California does an odd Kabuki dance in its prisons, where racial animosity and gang violence are among the worst in the nation.
The courts have made it clear in multiple decisions that inmates cannot be managed based on ethnicity, a point reiterated in a recent opinion (pdf) by the state First District Court of Appeal which also made clear that prisoner lockdowns to separate inmates on the basis of ethnicity were OK if not done “preferentially” and on a “short-term emergency basis.”
While prison officials say lockdowns are based on gang affiliation, not race, former Department of Corrections and Rehabilitation (CDCR) Secretary Matthew Cate has said they are virtually the same in California prisons because even the nongang-affiliated prisoners don’t want to be on their own.
Officially, the state’s policy is that lockdowns are not conducted along racial lines. ProPublica, however, notes that the Corrections department has admitted in documents (pdf) “that the CDCR policy is that when there is an incident involving any race, all inmates of that race are locked up.”
The ACLU says that California is the only state in the nation known to initiate lockdowns based on race. An analysis by the public-interest group Prison Law Office indicated that nearly half of security-based lockdowns in California prisons between 2010 and 2012 were aimed at specific racial or ethnic groups.
And then there are those pesky signs above cell doors in a number of prisons―color-coded white for whites, red for Southern Hispanic, Green for Northern Hispanic, blue for blacks and yellow for Other, who are mostly Asian.
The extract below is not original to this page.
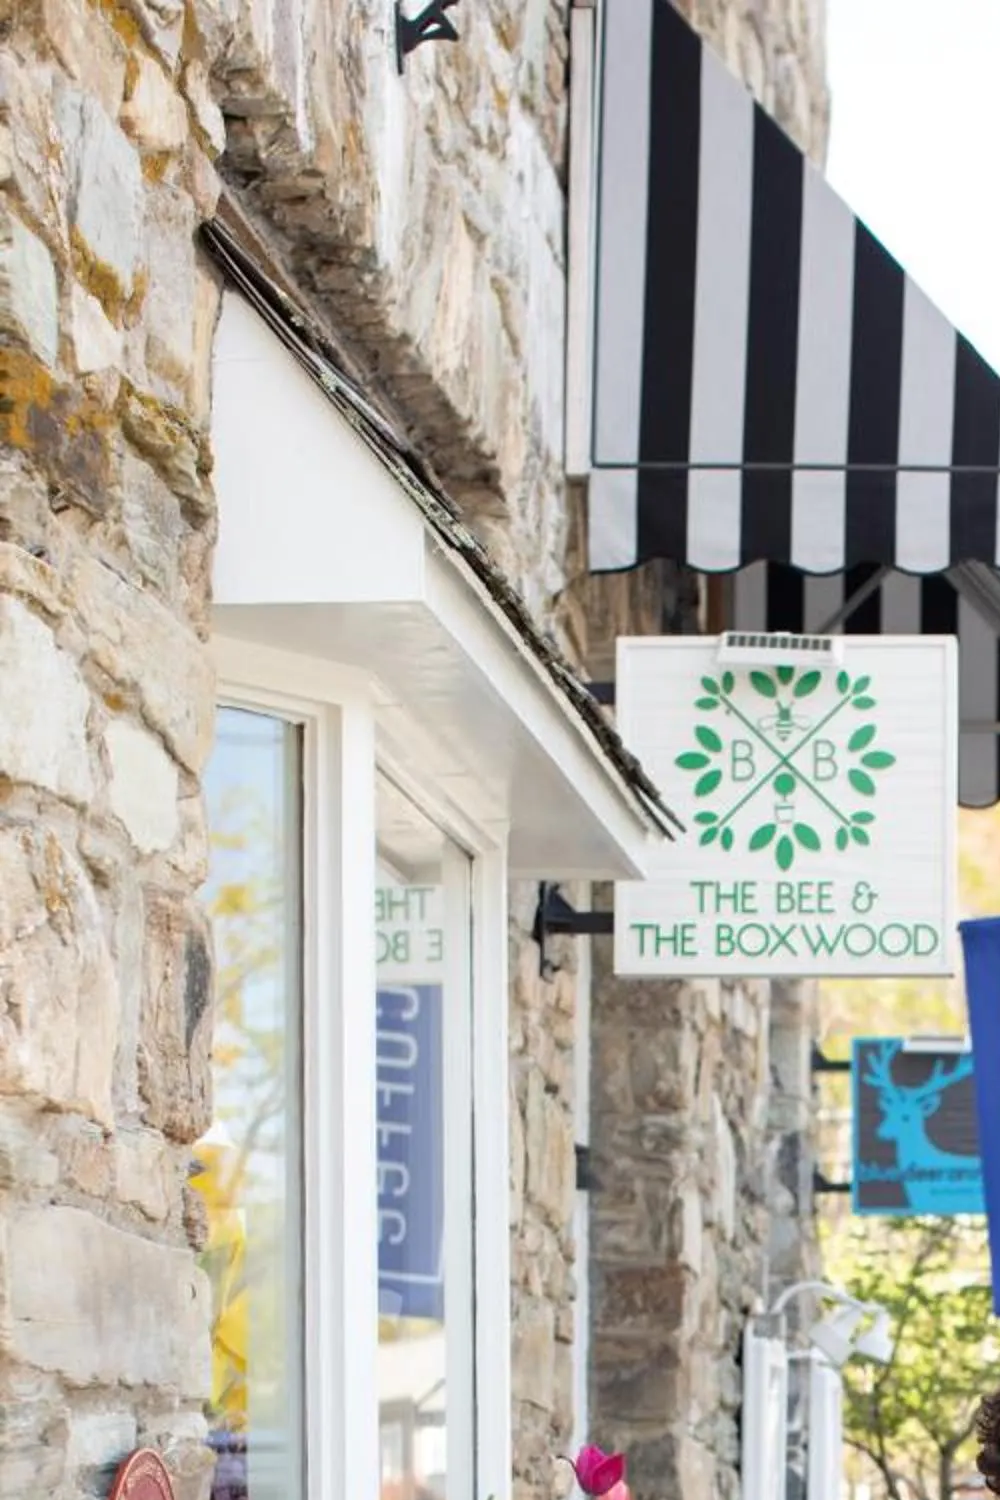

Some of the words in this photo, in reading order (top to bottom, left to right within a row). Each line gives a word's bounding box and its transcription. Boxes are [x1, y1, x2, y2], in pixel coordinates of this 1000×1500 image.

The signs are mentioned in the January Court of Appeal decision that affirmed prohibitions against broad race-based solutions to prison problems, citing a 2005 decision by the U.S. Supreme Court that government officials can’t “use race as a proxy for gang membership and violence without demonstrating a compelling government interest and proving that their means are narrowly tailored” to advance that interest.
“I haven’t seen anything like it since the days of segregation, when you had colored drinking fountains,” Prison Law Office attorney Rebekah Evenson told ProPublica.